Medicare for All Pricing May Affect Care

Patient in hospital gown using walker

In the debate over Medicare for All, one of the central issues is the pricing of health care services. The broadest version of these reforms proposed to date would create a program in which physicians and hospitals receive Medicare prices for all patients they serve.

In JAMA, assistant professor of health care policy and medicine Zirui Song, MD, PhD, discusses the potential implications of health care services pricing under Medicare for All. He compares traditional Medicare prices to average commercial insurer prices for common physician services. In this comparison, Song considered both in and out of network pricing in commercial insurance. In-network prices ranged from about 100% to 300% higher than Medicare levels, while out of network prices exceeded Medicare prices by larger margins.

At first glance, it would appear that reducing commercial prices to those of Medicare would result in a substantial decrease in health care costs. However, this could also lead to unintended consequences in physicians and hospital behavior. As studies have shown, providers have often responded to large fee cuts by increasing the amount of services they deliver or substituting toward higher-margin services.

A large price reduction could also affect the way that physicians and hospitals code or bill for their services.
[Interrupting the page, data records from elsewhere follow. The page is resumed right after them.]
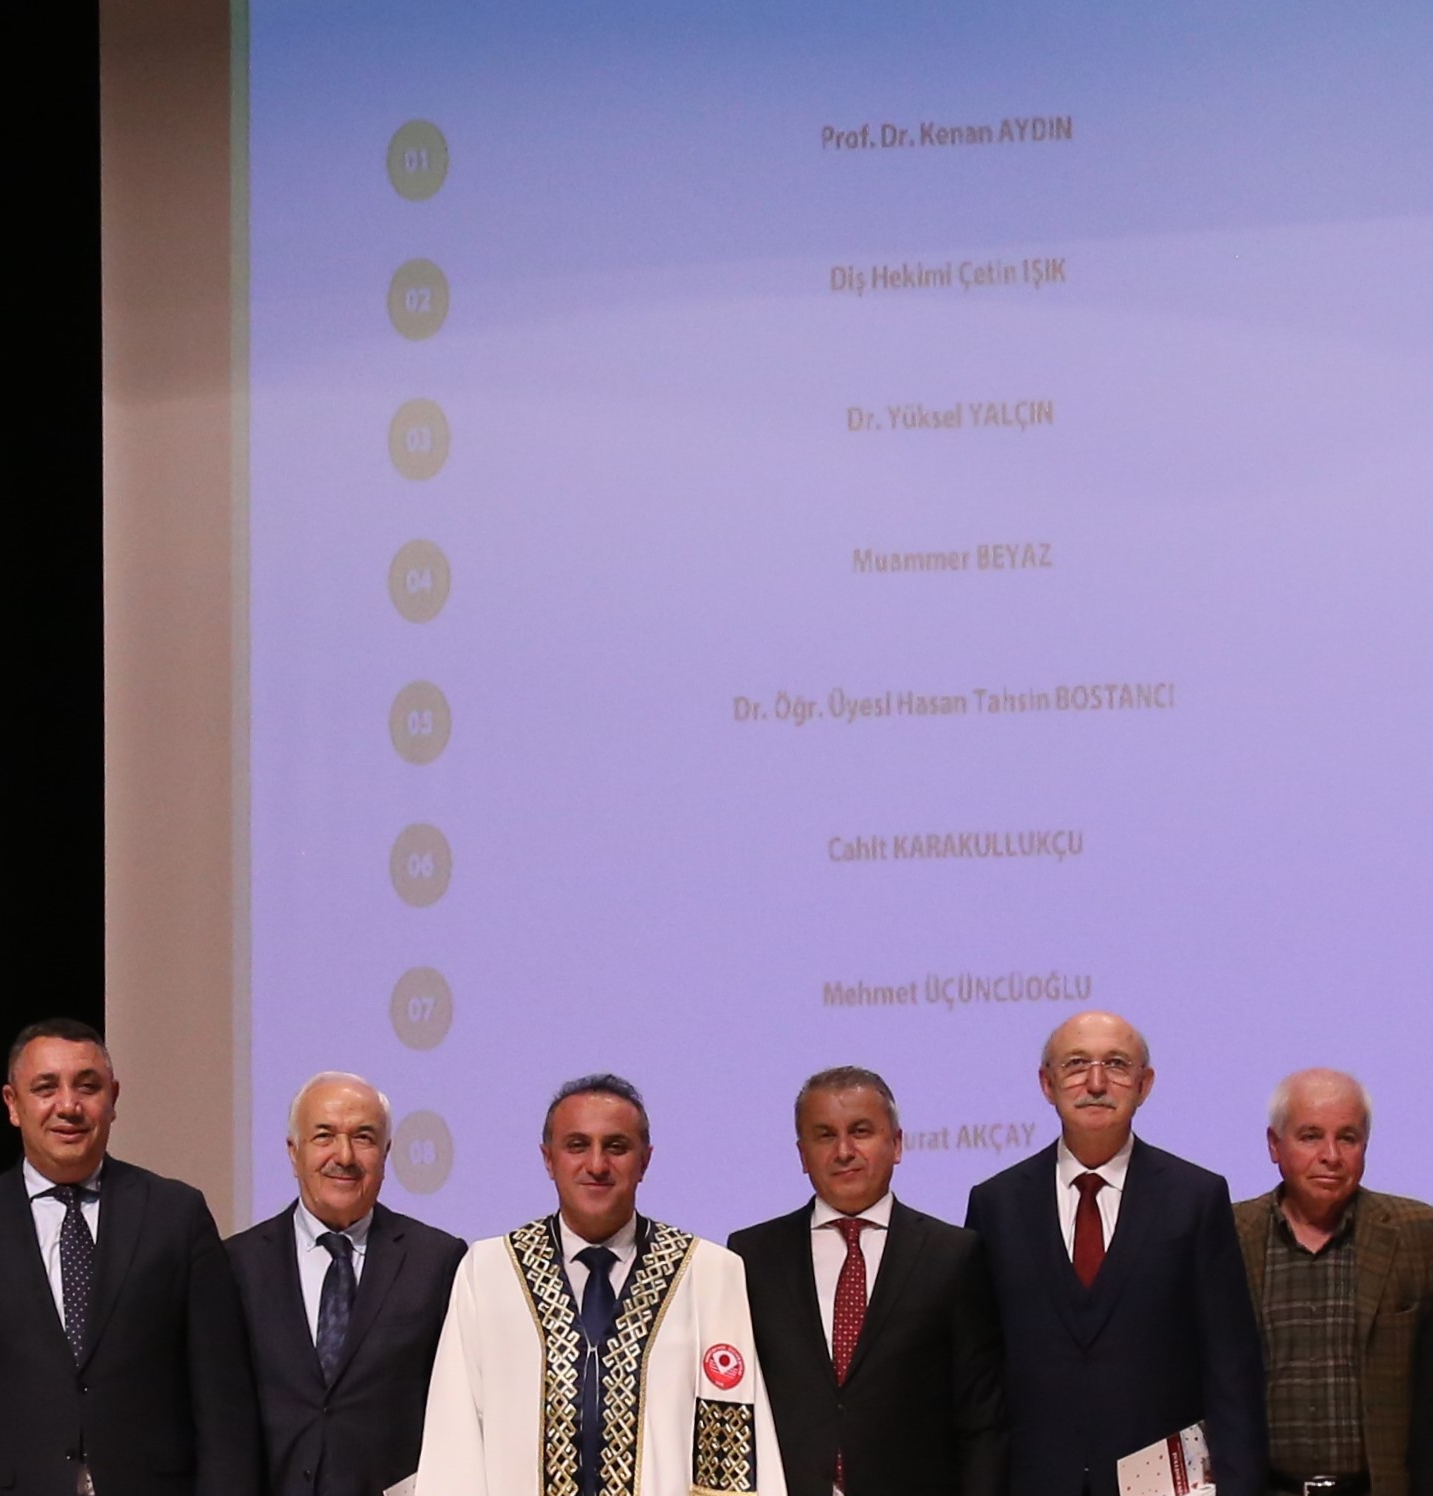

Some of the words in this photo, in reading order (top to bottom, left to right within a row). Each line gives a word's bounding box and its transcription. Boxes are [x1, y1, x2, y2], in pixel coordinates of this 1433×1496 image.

[821, 124, 875, 150] Prof.
[880, 123, 915, 148] Dr.
[919, 122, 993, 147] Kenan
[997, 115, 1073, 142] AYDIN
[829, 266, 866, 296] Diş
[870, 262, 952, 291] Hekimi
[958, 260, 1017, 293] Çetin
[1022, 256, 1067, 289] IŞIK
[846, 406, 882, 432] Dr.
[886, 400, 964, 430] Yüksel
[968, 398, 1055, 432] YALÇIN
[851, 546, 969, 574] Muammer
[976, 542, 1053, 571] BEYAZ
[732, 695, 767, 721] Dr.
[774, 690, 823, 727] Öğr.
[827, 687, 891, 724] Üyesi
[896, 690, 967, 717] Hasan
[972, 687, 1051, 715] Tahsin
[1053, 682, 1176, 710] BOSTANCI
[827, 835, 887, 862] Cahit
[892, 830, 1085, 863] KARAKULLUKÇU
[822, 981, 918, 1006] Mehmet
[901, 1126, 949, 1151] urat
[957, 1121, 1035, 1153] AKÇAY
When Medicare required outpatient consultations that were more expensive to be billed as less expensive office visit appointments, physicians billed a greater share of appointments as higher-level office visits. Additionally, physicians may find further reason to move their practices into hospitals or facility settings, as services delivered in facilities are reimbursed more than those performed in a physician-owned independent practice.

Patients facing high deductibles and co-payments through commercial insurance or Medicare today may welcome the abolishment of cost-sharing under some Medicare for All proposals. However, eliminating all cost-sharing without regard to value could unintentionally raise demand for low-value care. This moral hazard effect could also offset some of the intended savings under Medicare for All.

Song suggests that for policymakers who champion Medicare for All, instead of lowering all prices to Medicare levels, they may consider setting prices at a fixed percentage above Medicare levels. Depending on where this percentage is set—as shown by the examples of 125% and 200% of Medicare levels in the study—some prices would end up below commercial levels while others could land above commercial levels. Phasing in such price changes over time could be less disruptive to physicians and hospitals and garner more support from the provider community.  

Song notes that currently, large organizations representing physicians and hospitals have yet to broadly support Medicare for All, in part due to the uncertainty over prices. In order to be successful, Medicare for All proposals will likely need to gain the support of the physician and hospital communities.